05-11-2010, 05:03 PM
Quote:Ah good old Geoffrey :lol: Always great for a laugh. Now, back to buisness. After delving back to Ecdicius again I figured that he and his nineteen men were just the "named companions". Now all this is hypothetical so prove me wrong if you must, but wouldn't they have two retainers each? And they would also be noblemen. Now supposing that this is correct you've got sixty men now just from the companions and their bodyguards but if you take into account the fact that each man had four servants and supposing they all had horses that would mean that Ecdicius' personal warband would number, gasp, three hundred men. Now likely only the first sixty men would have had lances and good quality armour but is it possible that all the others had a leather jerkin, a shield, sword, and javelins? Or am I just using circumstantial evidence?Not bad, Nicholas. :wink:
It could be that number, after all we know that Ecdicius was from influential stock and rose to magister militum under Nepos might have had access to some manpower. His force could (hypothetically speaking) indeed number into the hundreds, but I have great doubts that they had access to swords, cavalry lances or good quality armour. You must remember that it was not legal to carry weapons for civilians, and although private retainers existed (buccellarii), these would not be compartable to anything the army could field. I'm not yet prepared to hypothesize about how Ecdicius could have bribed officials to get such stuff, which was produced in a monopoly by the army for the army.

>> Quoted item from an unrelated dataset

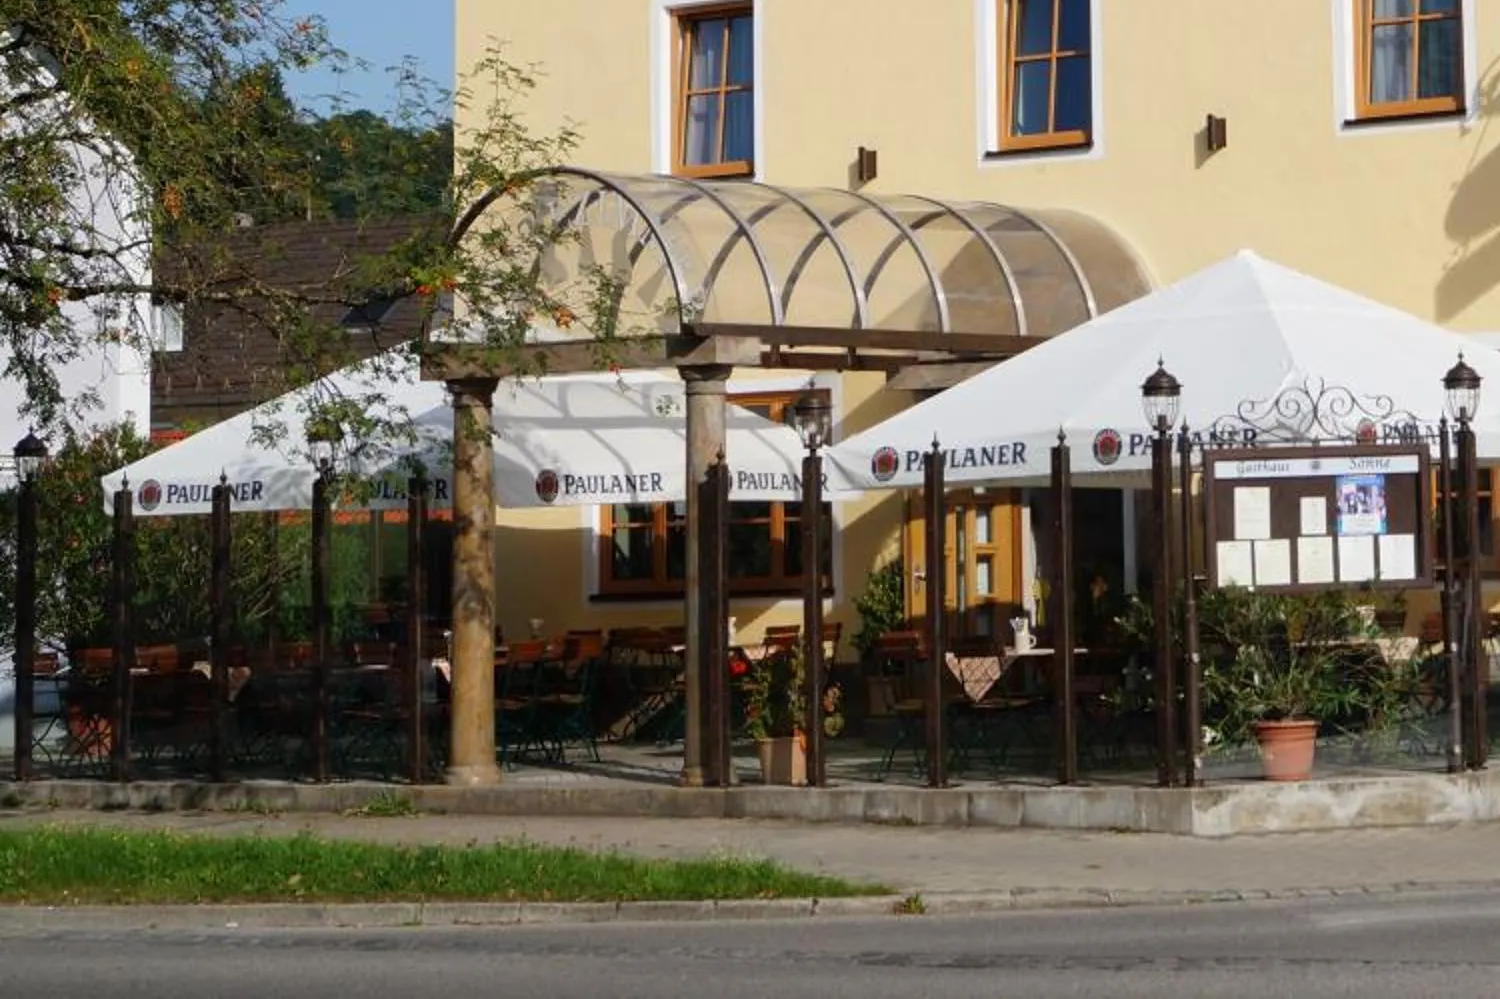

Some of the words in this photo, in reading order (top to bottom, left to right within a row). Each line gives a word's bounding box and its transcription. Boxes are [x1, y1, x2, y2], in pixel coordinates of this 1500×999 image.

I don't think that the 'others' in Ecdicius' force were noblemen. This was not late 6th c. Britain but late 5th c. Gaul, and we have no reason whatsover to suggest that something like a heroic nobility had formed in Gaul.
So what I would suggest is a force of private retainers, perhaps a few dozen riders but also more on foot, perhaps for the best part armed with shield, spears, some swords maybe. And maybe he had done what was done before him by anyone trying to achieve something military in 5th c. Gaul - he could have hired a batch of mercenaries.
Alans in Ecdicius' army, anyone?
Robert Vermaat
MODERATOR
FECTIO Late Romans
THE CAUSE OF WAR MUST BE JUST
(Maurikios-Strategikon, book VIII.2: Maxim 12)
MODERATOR
FECTIO Late Romans
THE CAUSE OF WAR MUST BE JUST
(Maurikios-Strategikon, book VIII.2: Maxim 12)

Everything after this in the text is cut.